Case studies: associations supported by shared genes/proteins

We identified 68 drug-disease associations with shared genes/proteins, where disease-associated genes from OMIM¹⁷ and drug targets from KEGG²⁵ overlap, indicating potential drug repositioning opportunities⁴⁰ (Table S2). Of these, 16 were supported by clinical trials. Below, we highlight three representative case studies from Table 3, showcasing their biological grounding and clinical trial support.
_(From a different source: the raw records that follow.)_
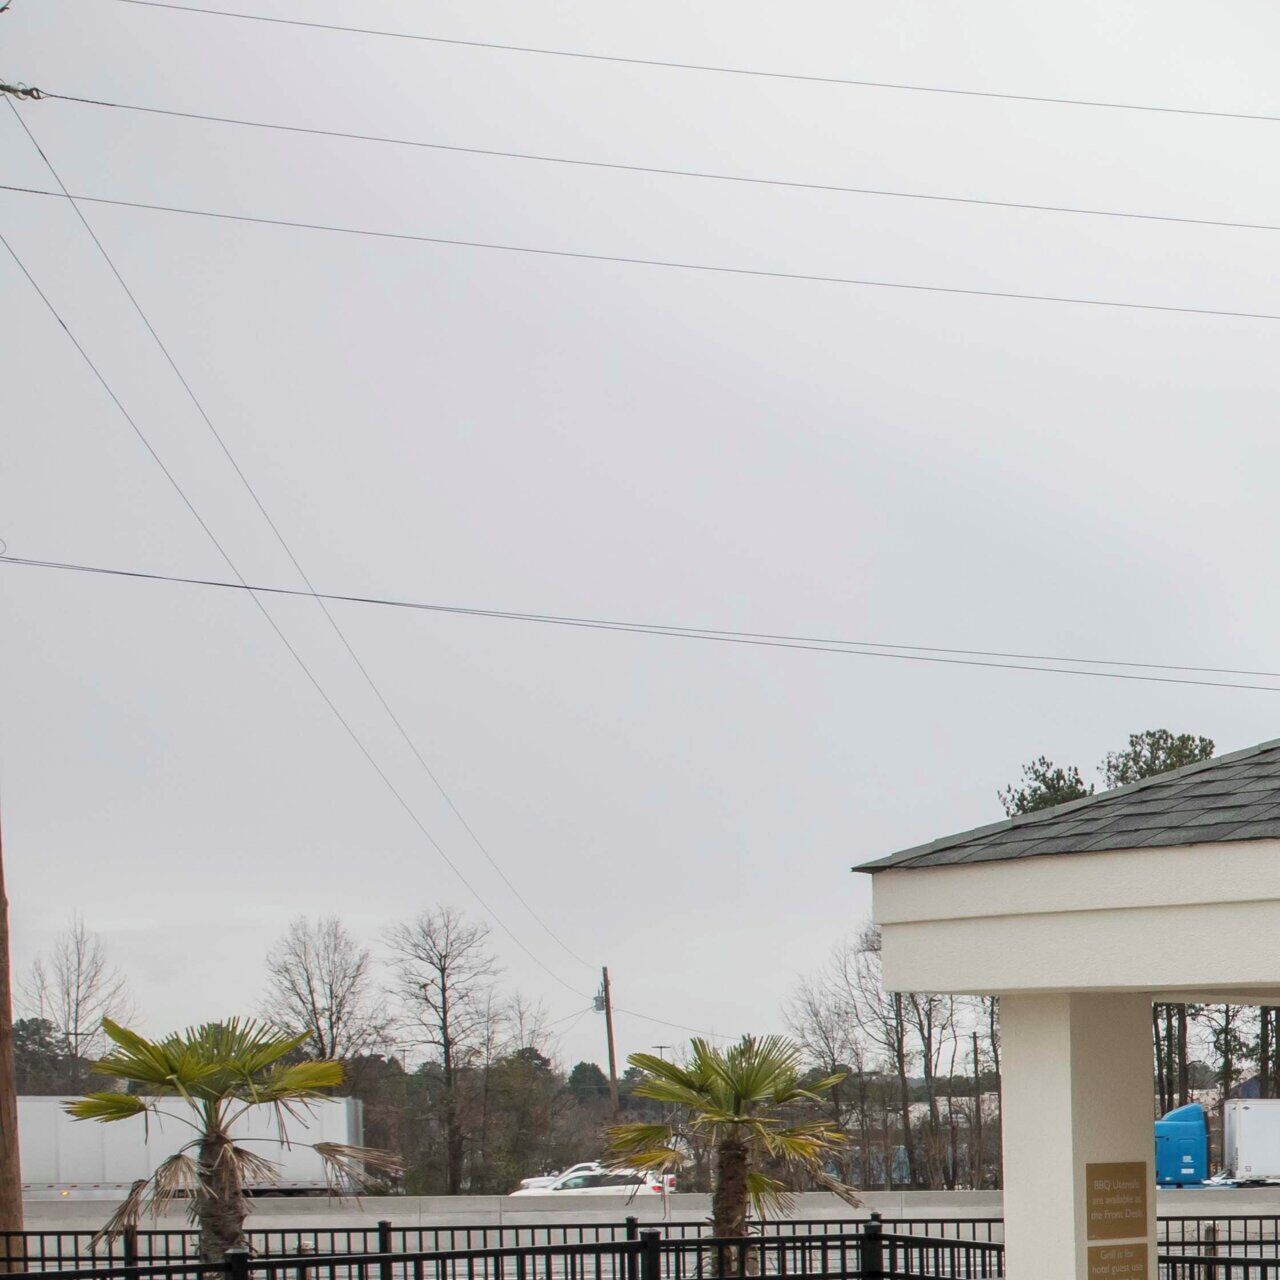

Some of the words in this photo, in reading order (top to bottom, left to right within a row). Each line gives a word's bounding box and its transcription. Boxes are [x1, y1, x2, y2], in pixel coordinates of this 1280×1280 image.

[1094, 1179, 1111, 1191] BBQ
[1091, 1210, 1104, 1220] the
[1104, 1209, 1123, 1219] Front
[1100, 1249, 1115, 1259] Grill
[1092, 1264, 1110, 1274] hotel
[1131, 1264, 1144, 1272] use
Testosterone (KEGG ID: D00075) and Prostate Cancer (MIMID: 176807): Testosterone activates the androgen receptor (AR), driving prostate cancer proliferation. However, bipolar androgen therapy uses high-dose testosterone to disrupt AR signaling, offering a novel treatment for castration-resistant cases. Clinical trials, such as NCT04558866, confirm its therapeutic potential by demonstrating efficacy in advanced prostate cancer. The shared gene AR provides a strong biological basis for this association.
Argatroban (KEGG ID: D00181) and Ischemic Stroke (MIMID: 601367): Argatroban inhibits thrombin (F2), preventing clot propagation in ischemic stroke caused by thromboembolism. Trials like NCT03552354 validate its efficacy in reducing stroke progression, aligning with F2’s role in coagulation pathways. This association highlights the model’s ability to identify clinically relevant treatments.
Risperidone (KEGG ID: D00426) and Obsessive-Compulsive Disorder (OCD) (MIMID: 164230): Risperidone’s antagonism of the serotonin 5-HT2 A receptor (HTR2 A) enhances SSRI efficacy in treatment-resistant OCD. NCT00389493 demonstrates significant symptom improvement, supporting its off-label use. The shared gene HTR2 A underpins the biological rationale for this prediction.
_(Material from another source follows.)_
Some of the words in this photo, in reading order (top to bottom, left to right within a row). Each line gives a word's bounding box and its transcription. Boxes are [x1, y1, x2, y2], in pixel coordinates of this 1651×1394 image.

These cases, detailed in Table 3 and Table S2, illustrate how our model’s predictions are supported by clinical trial evidence, demonstrating practical utility.
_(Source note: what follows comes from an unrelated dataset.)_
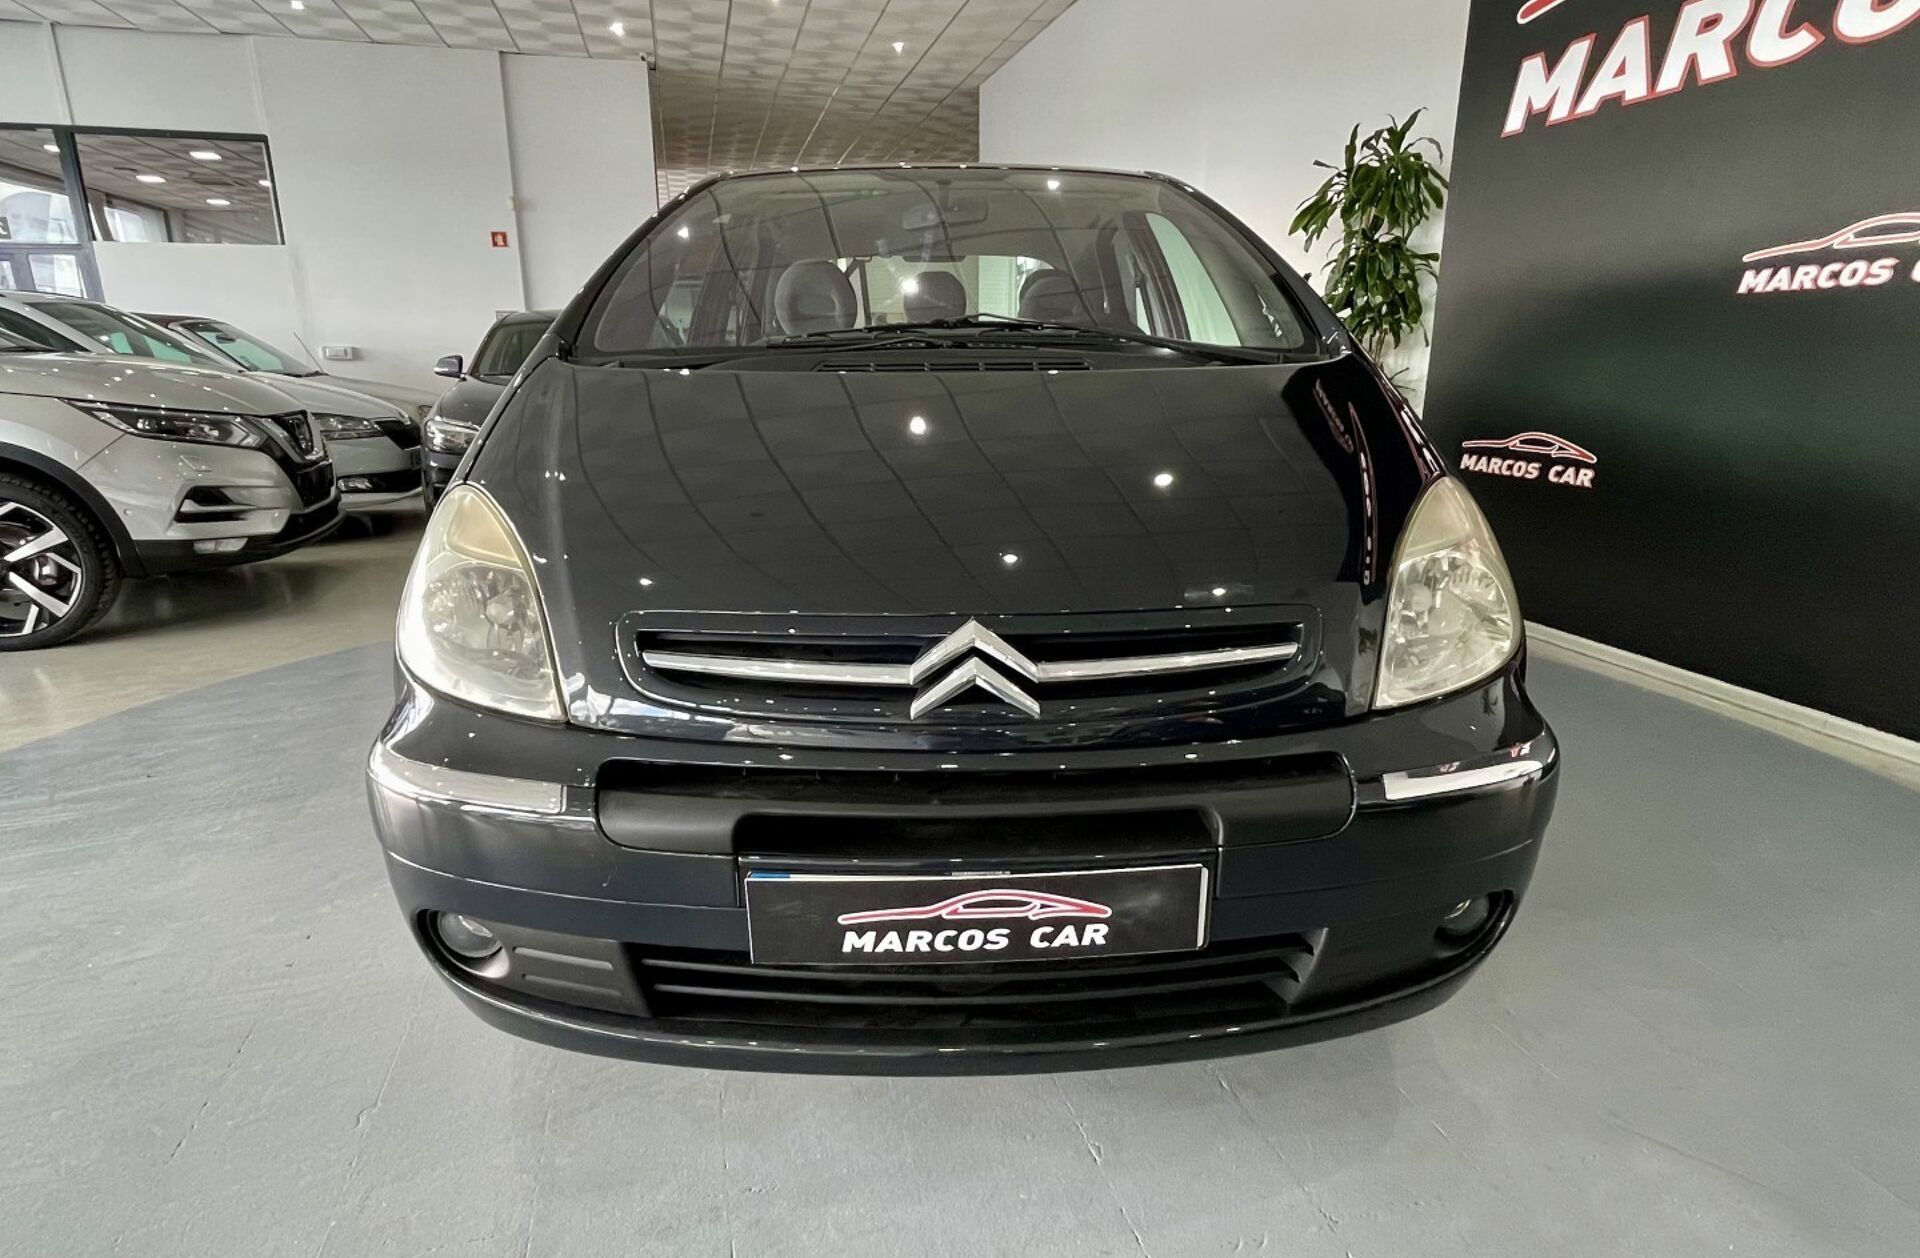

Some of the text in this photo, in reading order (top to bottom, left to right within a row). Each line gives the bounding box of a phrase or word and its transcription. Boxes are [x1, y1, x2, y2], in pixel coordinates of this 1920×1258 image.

[1736, 257, 1900, 294] MARCOS
[1460, 453, 1595, 488] MARCOS CAR
[842, 923, 1109, 952] MARCOS CAR
Table 3 A list of 10 out of 16 drug-disease associations supported by shared genes/proteins and clinical trials.

Full size table

Case studies: associations supported by shared pathways and protein complexes

Another indirect approach that can also support evidence for drug repositioning is based on shared protein complexes^41,42 or pathways^43,44,45,46 between a drug of interest and its candidate diseases. It has been proposed that the targeted protein complexes that drugs and diseases share can be used to estimate the possibility of a drug-disease association⁴⁷. Furthermore, a drug’s biological pathway may indicate the presence of a disease caused by its target. If targets of a drug and genes underlying a disease not currently treated by the drug are involved in the same pathway, it may indicate a promising association between the drug and the disease. Therefore, protein complexes or pathways that the drug of interest and its candidate diseases share could be exploited as evidence supporting drug repositioning. Here, we identified 1,064 and 84 drug-disease associations supported by shared KEGG pathways (Table S3) and CORUM⁴⁸ protein complexes (Table S4), respectively, with 73 supported by both (Tables S5). Of these, 30 were validated by clinical trials. Below, we present case studies for these nine associations from Table 4, each backed by shared molecular mechanisms and clinical evidence.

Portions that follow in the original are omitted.